**RECORD SET**:
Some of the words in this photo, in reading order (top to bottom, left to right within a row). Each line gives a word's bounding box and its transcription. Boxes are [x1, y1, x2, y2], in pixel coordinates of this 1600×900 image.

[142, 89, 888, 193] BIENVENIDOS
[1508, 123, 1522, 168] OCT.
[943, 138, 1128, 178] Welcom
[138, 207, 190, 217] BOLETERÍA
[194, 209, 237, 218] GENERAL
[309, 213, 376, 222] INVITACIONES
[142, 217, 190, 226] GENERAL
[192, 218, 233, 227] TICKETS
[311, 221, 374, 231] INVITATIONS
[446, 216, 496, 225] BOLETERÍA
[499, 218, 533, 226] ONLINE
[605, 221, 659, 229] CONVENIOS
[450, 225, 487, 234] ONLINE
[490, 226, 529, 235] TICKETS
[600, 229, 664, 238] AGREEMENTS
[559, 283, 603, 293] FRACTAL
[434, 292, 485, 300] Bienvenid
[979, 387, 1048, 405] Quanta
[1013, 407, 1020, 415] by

**WHAT IS BEING ASKED**:
The full data, transcribed without change, is the expected answer.

**EXPECTED ANSWER**:
Some of the words in this photo, in reading order (top to bottom, left to right within a row). Each line gives a word's bounding box and its transcription. Boxes are [x1, y1, x2, y2], in pixel coordinates of this 1600×900 image.

[142, 89, 888, 193] BIENVENIDOS
[1508, 123, 1522, 168] OCT.
[943, 138, 1128, 178] Welcom
[138, 207, 190, 217] BOLETERÍA
[194, 209, 237, 218] GENERAL
[309, 213, 376, 222] INVITACIONES
[142, 217, 190, 226] GENERAL
[192, 218, 233, 227] TICKETS
[311, 221, 374, 231] INVITATIONS
[446, 216, 496, 225] BOLETERÍA
[499, 218, 533, 226] ONLINE
[605, 221, 659, 229] CONVENIOS
[450, 225, 487, 234] ONLINE
[490, 226, 529, 235] TICKETS
[600, 229, 664, 238] AGREEMENTS
[559, 283, 603, 293] FRACTAL
[434, 292, 485, 300] Bienvenid
[979, 387, 1048, 405] Quanta
[1013, 407, 1020, 415] by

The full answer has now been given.